El espacio escultórico o las islas de Rectoría son mudos testigos de miles de estudiantes que se echaban a retozar persiguiendo a los alebrijes de su imaginación. Nadie era molestado, acaso advertido de que el consumo no se realizara a la vista de todos. Lo sabían las autoridades y los maestros, y nadie se mortificaba por ello. Preferían pasar por alto una práctica común que bien ayudaba a soltar la presión de la comunidad estudiantil más grande del país.
Sin embargo, ante la complacencia, el problema fue creciendo y vinculándose a otros delitos más graves.
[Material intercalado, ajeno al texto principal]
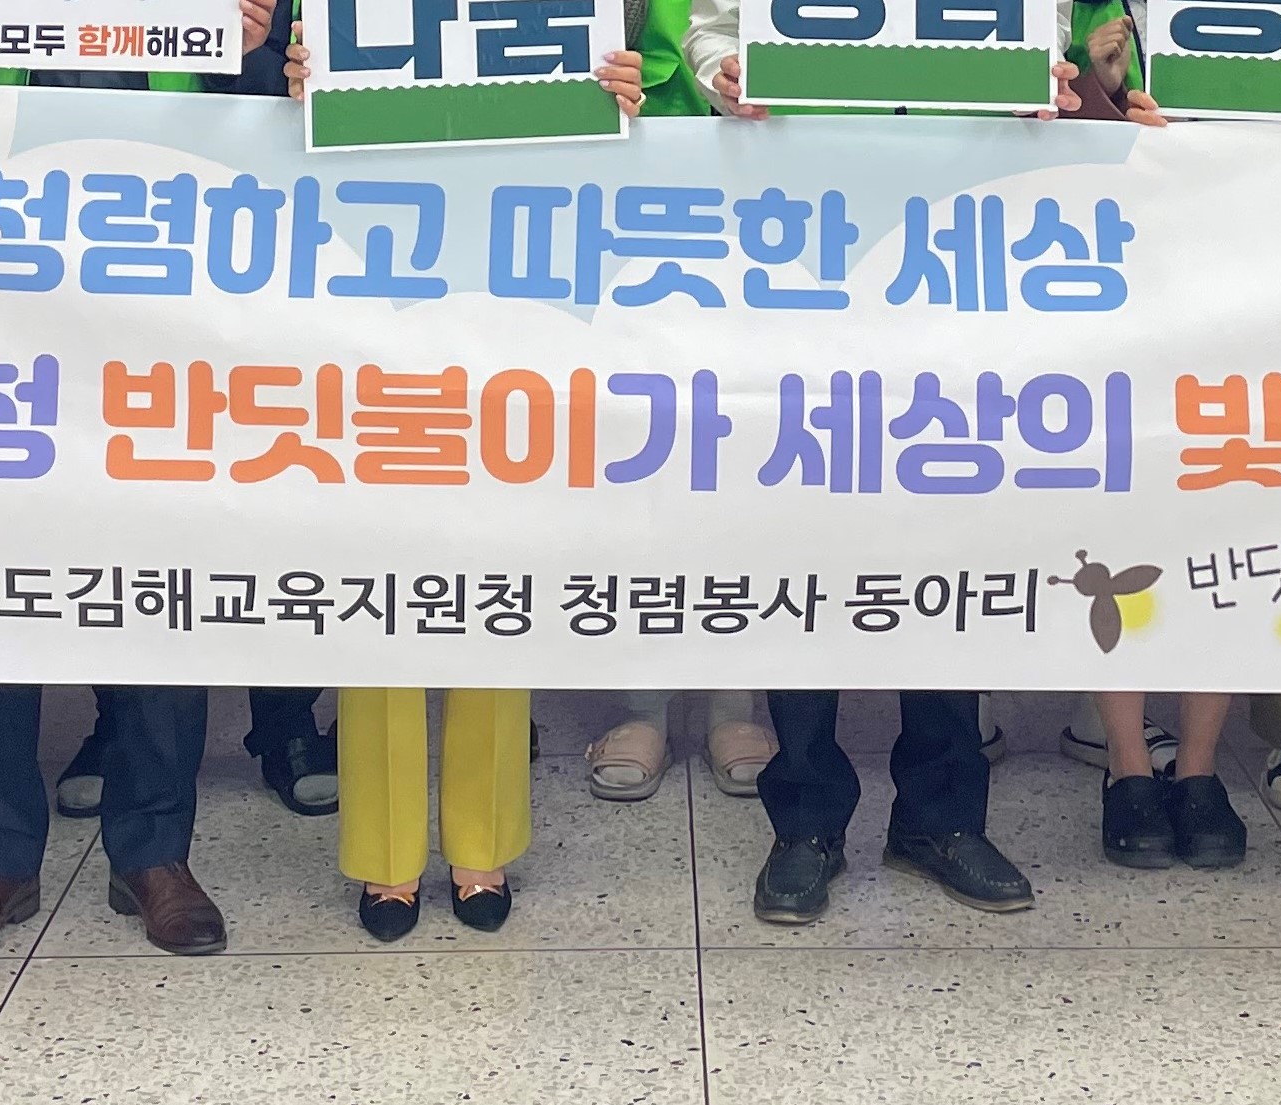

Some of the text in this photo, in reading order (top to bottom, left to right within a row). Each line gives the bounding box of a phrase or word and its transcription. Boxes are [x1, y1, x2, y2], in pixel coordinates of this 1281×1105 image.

[79, 25, 224, 58] 함께해요!
[488, 184, 859, 310] 따뜻한
[886, 195, 1135, 312] 세상
[101, 358, 731, 491] 반딧불이가
[759, 370, 1132, 494] 세상의
[559, 574, 828, 636] 청렴봉사
[844, 568, 1038, 633] 동아리
Grupos de narcomenudistas se apropiaron por completo de muchas facultades, gracias a la complicidad de la seguridad interna, llamada eufemísticamente como auxilio vial.
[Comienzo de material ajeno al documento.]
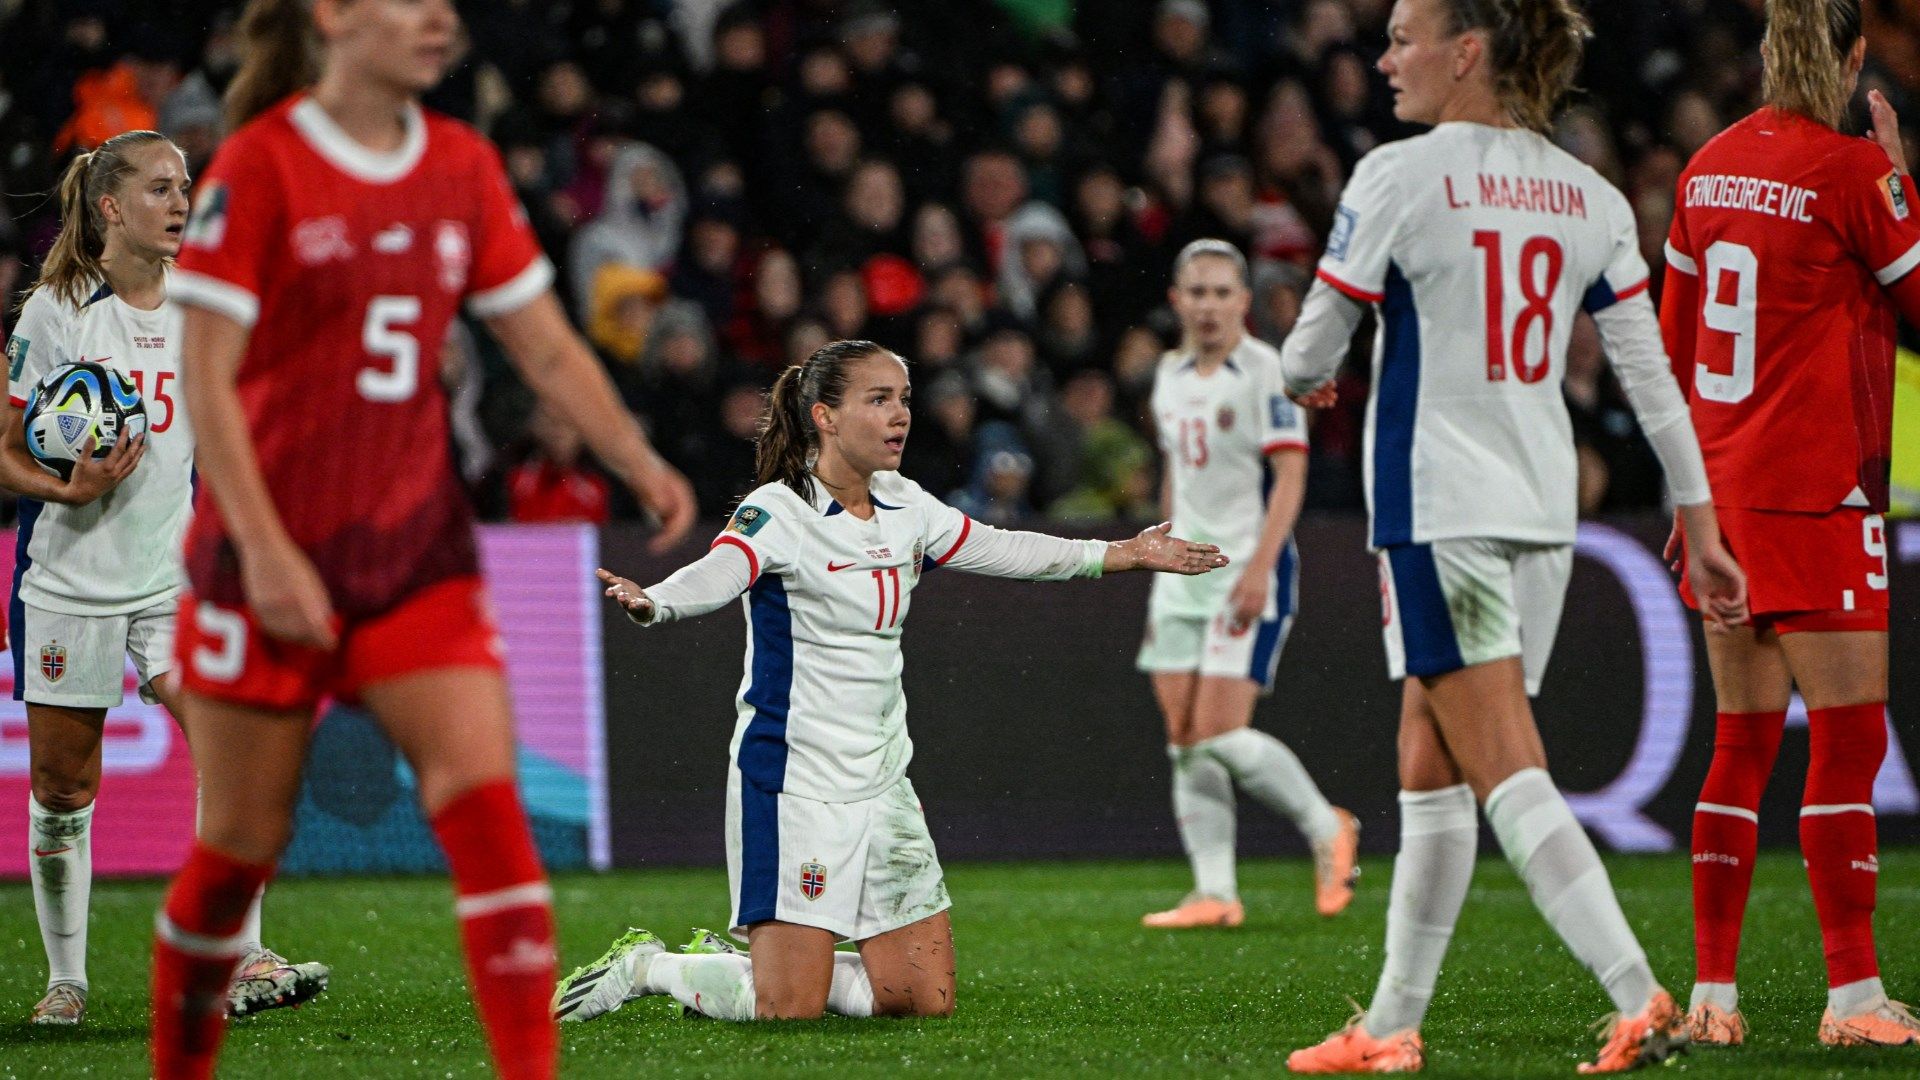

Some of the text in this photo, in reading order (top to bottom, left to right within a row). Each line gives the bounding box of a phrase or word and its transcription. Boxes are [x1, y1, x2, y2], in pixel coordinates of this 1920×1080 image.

[1444, 173, 1587, 219] L. MAANUM
[1685, 174, 1817, 222] CRNOGORCEVIC
[1472, 228, 1564, 384] 18
[1695, 240, 1758, 404] 9
[355, 295, 422, 402] 5
[1179, 417, 1209, 469] 13
[1862, 514, 1888, 591] 9
[872, 567, 900, 631] 11
Hace algunas semanas, la revista Proceso publicó un reportaje en el que se denunció la venta de droga al interior de la Facultad de Ciencias Políticas y Sociales (FCPYS) de la UNAM. Nada que no supiéramos quienes estudiamos ahí, y quienes la visitan de manera consuetudinaria como centro de distribución.
Según se reseña, a la venta de drogas se sumó una preocupante alza en delitos como robo y acoso sexual, además que algunas instalaciones de la Facultad ya han sido tomadas por el grupo de al menos 20 dealers, cuyas actividades son realizadas a plena luz. En resumen, cita la revista, Ciencias Políticas se ha convertido en uno de los principales puntos en que se mueve droga al sur de la ciudad de México.
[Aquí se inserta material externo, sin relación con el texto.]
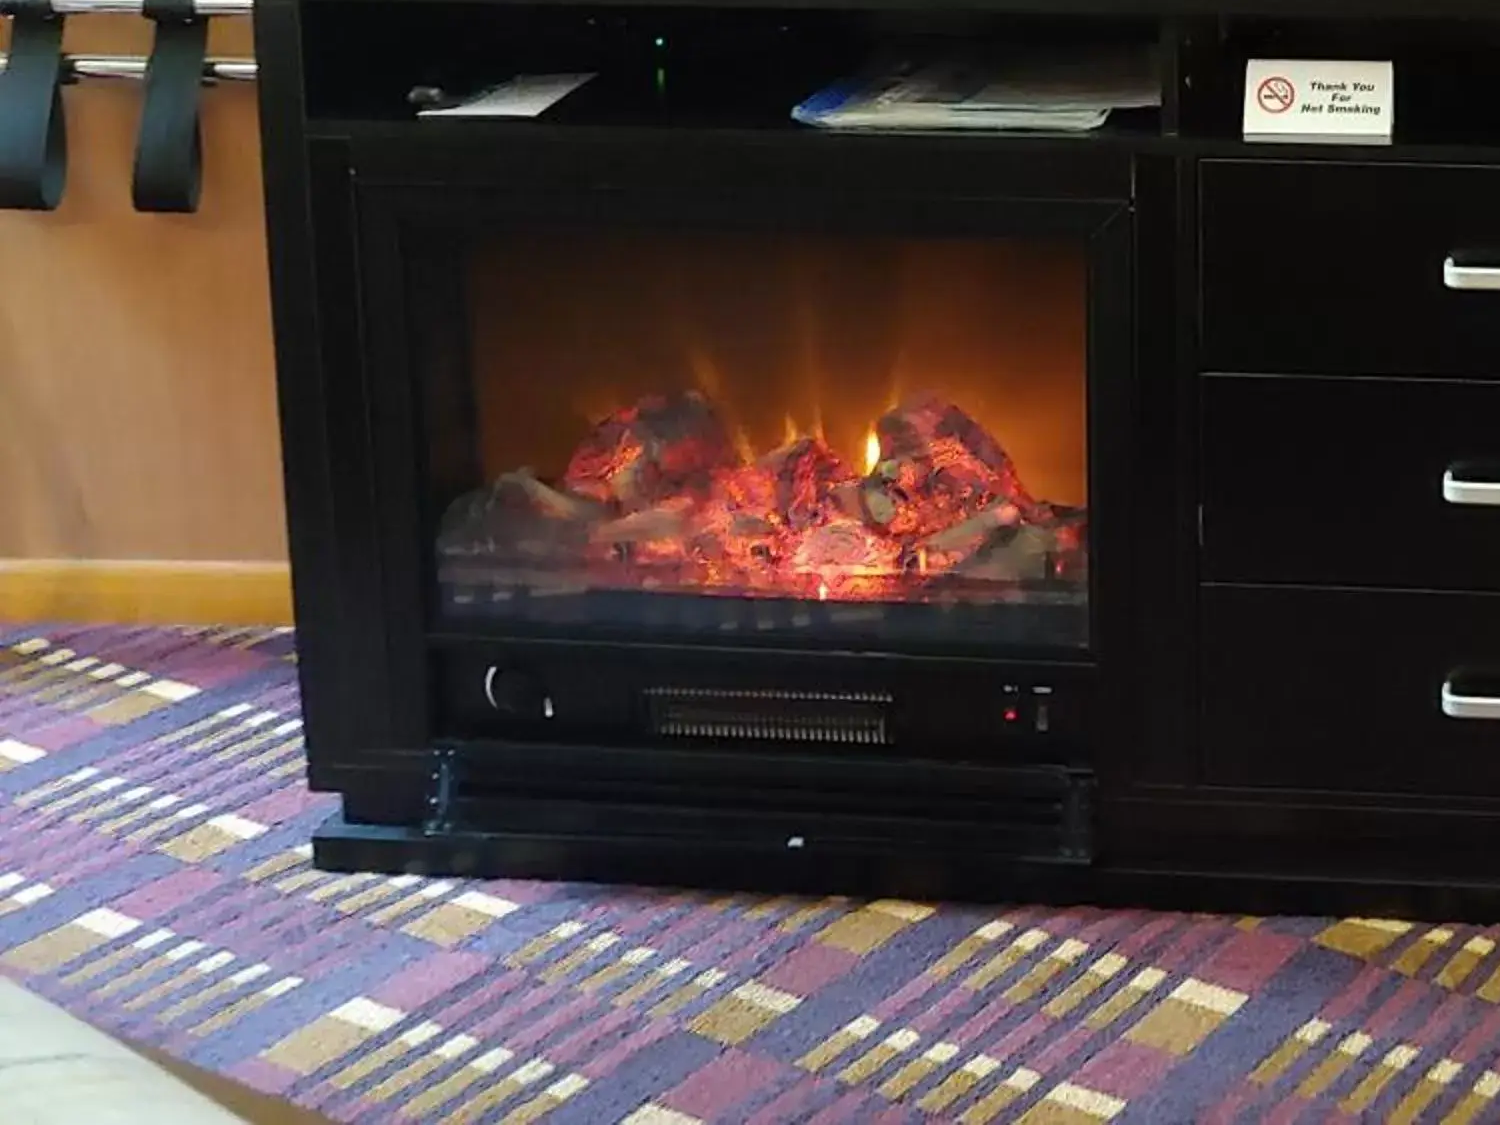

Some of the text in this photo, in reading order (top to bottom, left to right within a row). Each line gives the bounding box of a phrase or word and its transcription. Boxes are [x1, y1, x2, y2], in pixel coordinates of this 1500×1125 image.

[1310, 82, 1375, 92] Thank You
[1331, 93, 1352, 102] For
[1301, 104, 1381, 116] Not Smoking
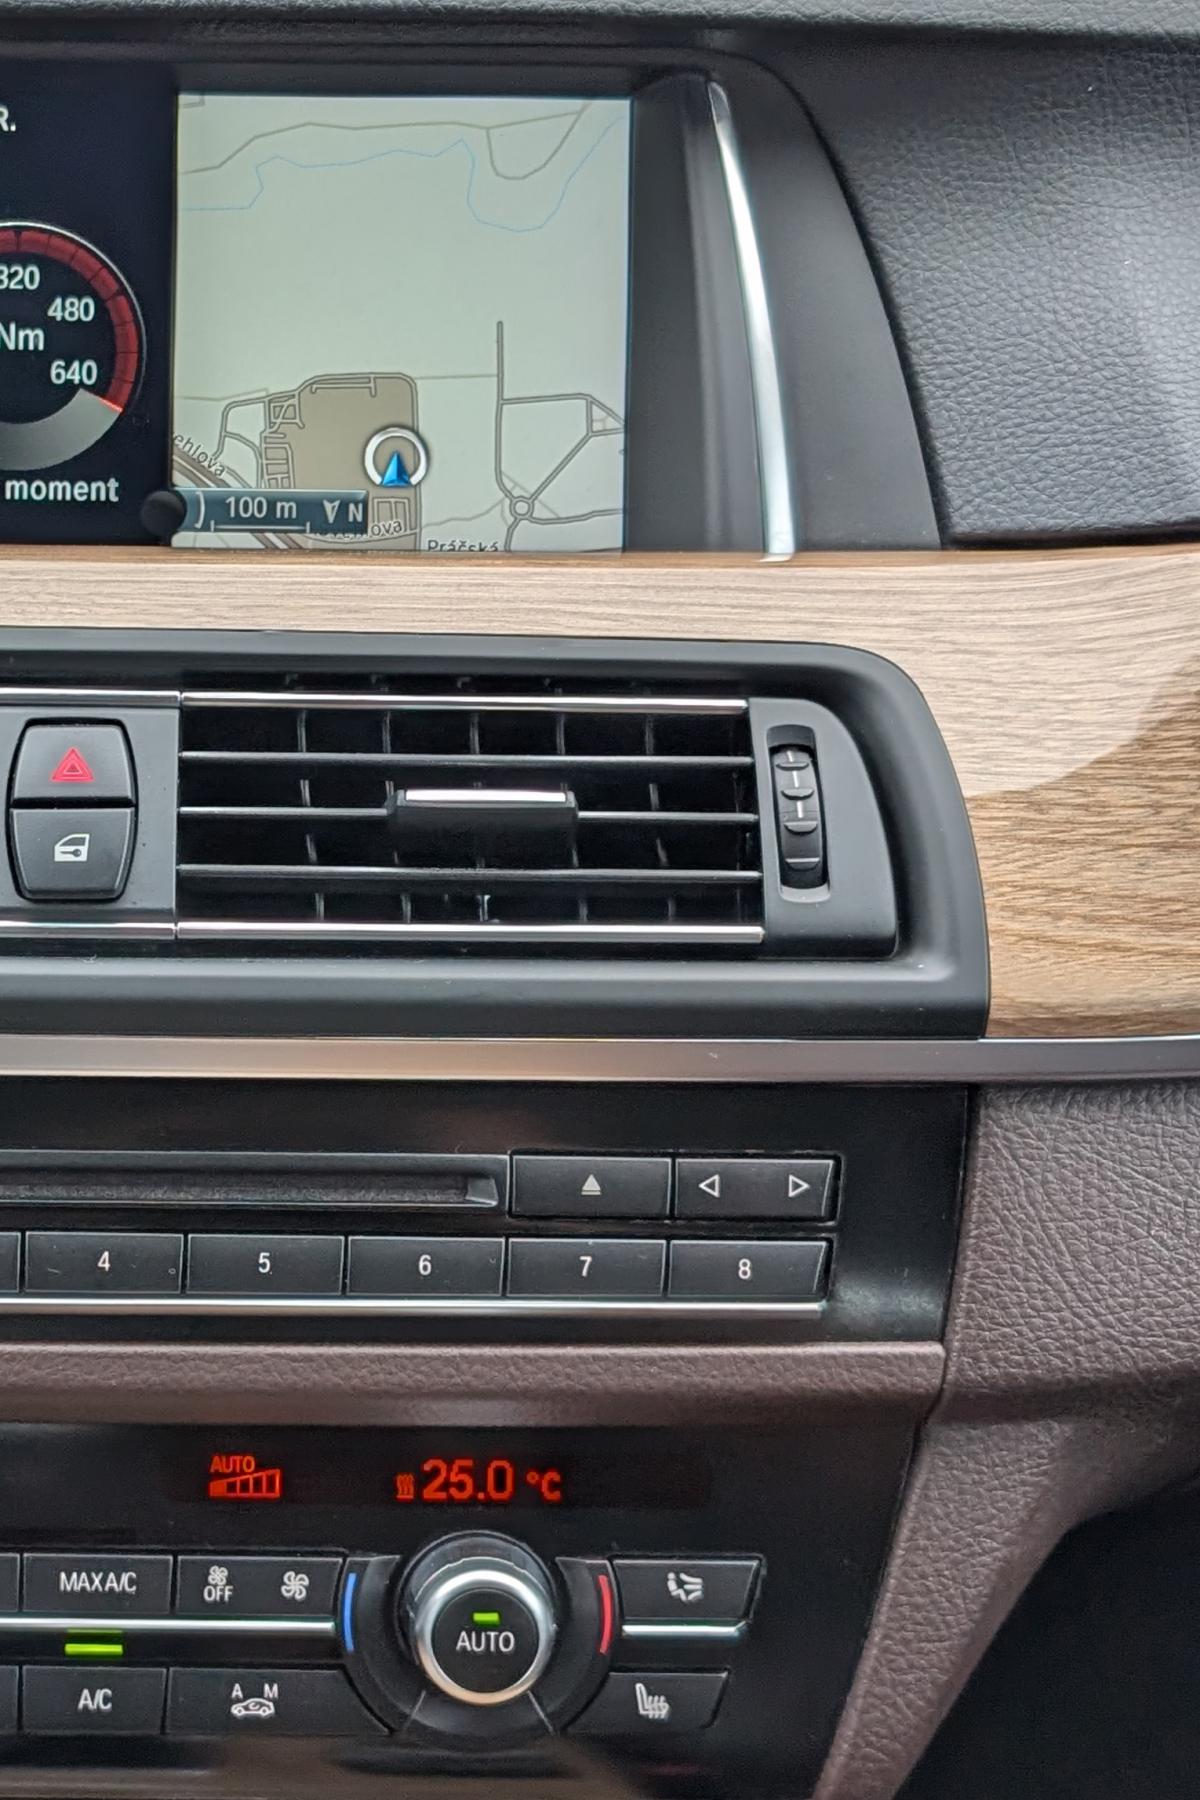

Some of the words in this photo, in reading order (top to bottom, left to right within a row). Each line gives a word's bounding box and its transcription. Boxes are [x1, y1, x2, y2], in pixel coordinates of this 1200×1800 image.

[47, 296, 95, 322] 480
[50, 359, 98, 385] 640
[5, 477, 119, 503] moment
[225, 496, 268, 518] 100
[275, 501, 297, 519] m
[348, 502, 363, 522] N
[97, 1250, 111, 1272] 4
[258, 1251, 271, 1274] 5
[418, 1254, 432, 1276] 6
[579, 1255, 593, 1277] 7
[738, 1258, 752, 1280] 8
[209, 1455, 256, 1474] AUTO
[422, 1458, 514, 1501] 25.0
[203, 1585, 234, 1602] OFF
[455, 1630, 515, 1653] AUTO
[77, 1688, 112, 1710] A/C
[231, 1683, 244, 1699] A
[263, 1683, 279, 1699] M
La respuesta ha rayado en el absurdo. El rector Enrique Graue dijo que el combate al narcomenudeo se debe hacer fuera del campus, pero que fortalecerá la batalla a las adicciones dentro de la institución. Es la misma visión de los Estados Unidos, que acusa a México de proveer drogas e ignoran lo que pasa en su territorio.
Prometió que al interior de la UNAM, continuarán las campañas contra el consumo de drogas y se fortalecerá el funcionamiento de la clínica contra las adicciones de la universidad, como si ignorara que este problema ha venido creciendo exponencialmente en los últimos años. El rector Graue dijo que intensificarán las labores de vigilancia al interior de la Universidad para lograr “disuadir gradualmente” la presencia de los vendedores de drogas. Lo van a permitir, pero poquito. ¡Plop!
Es evidente que el rector no quiere problemas ni con quien vende ni con quien consume. Hasta ahora nadie se ha atrevido a hacer un estudio a conciencia de lo que pasa en la UNAM, y por supuesto, en otras universidades públicas del país.
Lo mismo pasa en la Universidad Veracruzana. A pesar de la violencia y el creciente consumo que se registra en todos los campus del Estado, la rectoría prefiere ignorar el problema antes de enfrentarlo. Decenas de casos en los campus de Coatzacoalcos, Poza Rica, Veracruz o Xalapa no son denunciados a las autoridades y la Universidad prefiere callarlo para no hacer más grande el problema.
Pero ni en aras de su propia salud mental e institucional, la Universidad Veracruzana ha realizado una investigación profunda y seria para conocer la dimensión del problema. Y si lo ha hecho, nadie sabe de su resultado.
Seguirá el silencio hasta que, como en la UNAM, el destino los alcance.